The title suggests a proposal for a textbook, course of study, curricula, or anthology to introduce a beginning reader into something beyond literature, as the ominous opening couplet suggests: “Don’t bother with odes, my son./ Timetables are more precise.” This opening couplet establishes an ironic tone that implicitly condemns those who believe in timetables rather than odes or those who put more value in precision...

(The entire section is 521 words.)

Forms and Devices

The two most significant aspects of “For a Freshman Reader,” as well as for many of Justice’s poems, are the voice and the formal structure of the poem. In “For a Freshman Reader,” the two are inseparable.

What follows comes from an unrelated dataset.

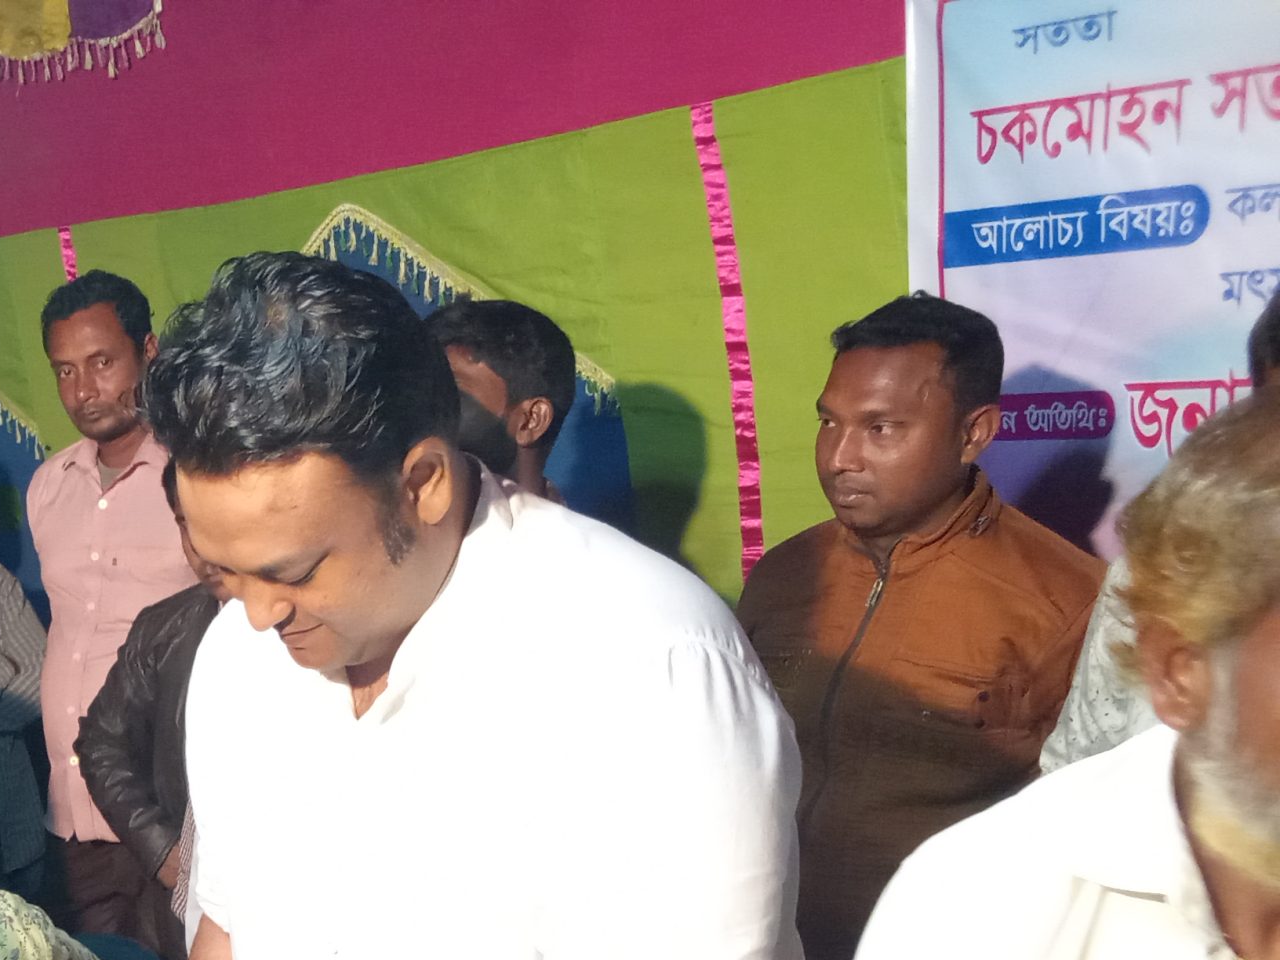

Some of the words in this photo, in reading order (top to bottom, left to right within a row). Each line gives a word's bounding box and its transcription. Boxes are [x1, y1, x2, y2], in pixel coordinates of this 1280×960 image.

[1013, 10, 1118, 54] সততা
[970, 78, 1192, 164] চকমোহন
[972, 210, 1089, 254] আলোচ্য

This achievement suggests how complete the poem is, how it refutes critical or interpretive interventions because the poem is a thing unto itself, an entity whose elegance allows for nothing extraneous. Indeed, to be elegant, by definition, demands choice and selection; there is no place for the extraneous. This consideration is very much part of the poem’s demands of its form and voice.

The syllabic demands create a spare, balanced, and direct voice. The formal limits of syllabic composition provide, but do not necessitate, the sense of restraint in the voice. The voice commands and assumes a paternal air in such lines as the opening line or “Watch it, don’t sing.” The measured pace of the syllabic form suggests the speaker’s character is methodological and circumspect, yet also angry. The voice also carries within it a historical knowledge that allows the speaker to foresee the future’s possibilities: “The day will come when once more/ Lists will be nailed to the door.” The employment of syllabics conjoined with Justice’s ability to conceive of a dramatically whole voice gives the poem the quality of the inevitable. While syllabic composition can be used extravagantly, as in the poetry of Marianne Moore, Justice usually...

(The entire section is 503 words.)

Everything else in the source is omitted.